%%

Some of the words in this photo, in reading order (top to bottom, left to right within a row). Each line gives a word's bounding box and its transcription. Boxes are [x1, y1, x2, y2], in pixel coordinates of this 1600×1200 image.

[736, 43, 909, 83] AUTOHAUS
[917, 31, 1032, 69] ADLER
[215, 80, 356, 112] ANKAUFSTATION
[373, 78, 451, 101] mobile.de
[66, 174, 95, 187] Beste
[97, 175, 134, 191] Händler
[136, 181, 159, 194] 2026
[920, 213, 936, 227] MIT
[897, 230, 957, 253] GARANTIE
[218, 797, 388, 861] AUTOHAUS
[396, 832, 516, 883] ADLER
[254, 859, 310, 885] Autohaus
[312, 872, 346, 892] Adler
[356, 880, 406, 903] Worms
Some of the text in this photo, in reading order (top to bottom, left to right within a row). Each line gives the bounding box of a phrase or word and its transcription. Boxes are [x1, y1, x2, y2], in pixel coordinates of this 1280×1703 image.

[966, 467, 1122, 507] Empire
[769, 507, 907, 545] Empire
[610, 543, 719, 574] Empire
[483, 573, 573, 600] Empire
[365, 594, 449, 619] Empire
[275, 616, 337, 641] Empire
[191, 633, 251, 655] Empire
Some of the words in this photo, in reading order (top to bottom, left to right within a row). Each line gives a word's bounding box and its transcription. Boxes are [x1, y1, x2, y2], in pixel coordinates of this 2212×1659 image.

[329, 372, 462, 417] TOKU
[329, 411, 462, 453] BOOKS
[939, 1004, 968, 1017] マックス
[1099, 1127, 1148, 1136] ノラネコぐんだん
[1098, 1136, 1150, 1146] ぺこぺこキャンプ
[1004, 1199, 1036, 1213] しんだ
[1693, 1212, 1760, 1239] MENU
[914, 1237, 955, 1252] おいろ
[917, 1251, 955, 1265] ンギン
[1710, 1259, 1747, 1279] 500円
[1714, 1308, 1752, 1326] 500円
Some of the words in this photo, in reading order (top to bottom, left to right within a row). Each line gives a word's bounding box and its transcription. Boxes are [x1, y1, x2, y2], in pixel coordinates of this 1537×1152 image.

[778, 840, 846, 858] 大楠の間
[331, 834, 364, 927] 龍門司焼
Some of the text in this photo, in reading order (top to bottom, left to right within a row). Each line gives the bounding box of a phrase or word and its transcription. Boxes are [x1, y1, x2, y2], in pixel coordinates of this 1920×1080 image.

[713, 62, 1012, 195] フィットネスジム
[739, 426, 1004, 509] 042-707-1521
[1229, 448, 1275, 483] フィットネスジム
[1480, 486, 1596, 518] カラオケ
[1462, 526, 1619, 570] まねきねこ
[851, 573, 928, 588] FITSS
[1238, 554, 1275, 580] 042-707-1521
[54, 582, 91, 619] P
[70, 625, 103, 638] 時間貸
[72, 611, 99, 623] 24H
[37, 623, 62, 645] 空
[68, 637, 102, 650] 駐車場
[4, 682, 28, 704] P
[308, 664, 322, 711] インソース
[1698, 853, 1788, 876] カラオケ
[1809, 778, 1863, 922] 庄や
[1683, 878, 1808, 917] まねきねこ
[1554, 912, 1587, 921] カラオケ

%%

- AIM OF THE TASK
After reading the material above, repeat all of it exactly.

- RESULT
Some of the words in this photo, in reading order (top to bottom, left to right within a row). Each line gives a word's bounding box and its transcription. Boxes are [x1, y1, x2, y2], in pixel coordinates of this 1600×1200 image.

[736, 43, 909, 83] AUTOHAUS
[917, 31, 1032, 69] ADLER
[215, 80, 356, 112] ANKAUFSTATION
[373, 78, 451, 101] mobile.de
[66, 174, 95, 187] Beste
[97, 175, 134, 191] Händler
[136, 181, 159, 194] 2026
[920, 213, 936, 227] MIT
[897, 230, 957, 253] GARANTIE
[218, 797, 388, 861] AUTOHAUS
[396, 832, 516, 883] ADLER
[254, 859, 310, 885] Autohaus
[312, 872, 346, 892] Adler
[356, 880, 406, 903] Worms
Some of the text in this photo, in reading order (top to bottom, left to right within a row). Each line gives the bounding box of a phrase or word and its transcription. Boxes are [x1, y1, x2, y2], in pixel coordinates of this 1280×1703 image.

[966, 467, 1122, 507] Empire
[769, 507, 907, 545] Empire
[610, 543, 719, 574] Empire
[483, 573, 573, 600] Empire
[365, 594, 449, 619] Empire
[275, 616, 337, 641] Empire
[191, 633, 251, 655] Empire
Some of the words in this photo, in reading order (top to bottom, left to right within a row). Each line gives a word's bounding box and its transcription. Boxes are [x1, y1, x2, y2], in pixel coordinates of this 2212×1659 image.

[329, 372, 462, 417] TOKU
[329, 411, 462, 453] BOOKS
[939, 1004, 968, 1017] マックス
[1099, 1127, 1148, 1136] ノラネコぐんだん
[1098, 1136, 1150, 1146] ぺこぺこキャンプ
[1004, 1199, 1036, 1213] しんだ
[1693, 1212, 1760, 1239] MENU
[914, 1237, 955, 1252] おいろ
[917, 1251, 955, 1265] ンギン
[1710, 1259, 1747, 1279] 500円
[1714, 1308, 1752, 1326] 500円
Some of the words in this photo, in reading order (top to bottom, left to right within a row). Each line gives a word's bounding box and its transcription. Boxes are [x1, y1, x2, y2], in pixel coordinates of this 1537×1152 image.

[778, 840, 846, 858] 大楠の間
[331, 834, 364, 927] 龍門司焼
Some of the text in this photo, in reading order (top to bottom, left to right within a row). Each line gives the bounding box of a phrase or word and its transcription. Boxes are [x1, y1, x2, y2], in pixel coordinates of this 1920×1080 image.

[713, 62, 1012, 195] フィットネスジム
[739, 426, 1004, 509] 042-707-1521
[1229, 448, 1275, 483] フィットネスジム
[1480, 486, 1596, 518] カラオケ
[1462, 526, 1619, 570] まねきねこ
[851, 573, 928, 588] FITSS
[1238, 554, 1275, 580] 042-707-1521
[54, 582, 91, 619] P
[70, 625, 103, 638] 時間貸
[72, 611, 99, 623] 24H
[37, 623, 62, 645] 空
[68, 637, 102, 650] 駐車場
[4, 682, 28, 704] P
[308, 664, 322, 711] インソース
[1698, 853, 1788, 876] カラオケ
[1809, 778, 1863, 922] 庄や
[1683, 878, 1808, 917] まねきねこ
[1554, 912, 1587, 921] カラオケ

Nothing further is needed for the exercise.